2. ВИЖУ ЦЕЛЬ. «Весь мир — театр, люди в нем — актеры... а я — режиссер... — думал про себя наш герой, — и горе тому, кто встанет на моем творческом пути». Следующий этап. Сереженька... Грех на душу, но надо брать. Сереженька оказался студентом 3-го курса МГУ. Отличник. Встречается с Машей три года, но по агентурным сведениям близости не было! Почему? Кто виноват? Неужели есть ещё такие девчоночки? Есть, в Москве! А ведь уже вполне взрослая барышня, поступает в театральное третий раз, не проходит из-за дикции, слабенькое «р». Посещает приличную самодеятельную студию, если не получится с актерским факультетом, то поступит на театроведческий или экономический на худой конец... Но вот Сереженька, отличник.
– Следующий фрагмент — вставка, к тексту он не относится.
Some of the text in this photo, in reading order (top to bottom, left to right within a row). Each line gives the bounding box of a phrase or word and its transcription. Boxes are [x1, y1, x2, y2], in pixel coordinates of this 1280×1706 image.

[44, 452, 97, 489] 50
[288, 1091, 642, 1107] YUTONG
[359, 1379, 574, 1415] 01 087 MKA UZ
Прости, мальчик, но тебе придется выбирать.Тебе. Устроим тебе не несчастный случай. Володя практиковал (с Анютиной подачи) помощь среднему образованию, теперь можно помочь и высшему. Как ты отнесешься, Сереженька, если независимая экспертная комиссия предложит тебе горящий грант на продолжение учебы где-нибудь в Гёттингене?
Он хорошо отнесся, после официального предложения моментально согласился. Мальчик, это твой выбор, тебя никто не заставлял, это твой выбор; Машенька о тебе вспомнила, а ты моментально, даже н не посоветовавшись с ней, моментально согласился. Учись, милый, ты недостоин Маши.
По последовавшим агентурным данным, она встретила весть о предстоящей кончине встреч, поцелуев и разговоров бодро, обрадовалась за любимого, так страдавшего от нехватки денег. Жаль только, что все так срочно и неожиданно. Володя не хотел, чтобы Машенька на прощание позволила Сереженьке, то чего он безуспешно добивался от неё три года(!), для чего были приняты определенные меры, в результате которых у Сережи в виду необходимости быстро решать визовые проблемы, оформлять другие документы, встречаться с людьми, усиленно подтягивать иностранный язык — времени свободного совсем не оставалось, они говорили по телефону и толком даже проститься не смогли. Ошалел Сережка от предстоящего прорыва в карьере, слаб человек. Маша в ужасе обнаружила, что есть в его жизни что-то неизмеримо более важное, чем она, и что-то важное в её жизни отлетело вместе с ним навсегда. «Сизый лети, голубок...» Он улетел.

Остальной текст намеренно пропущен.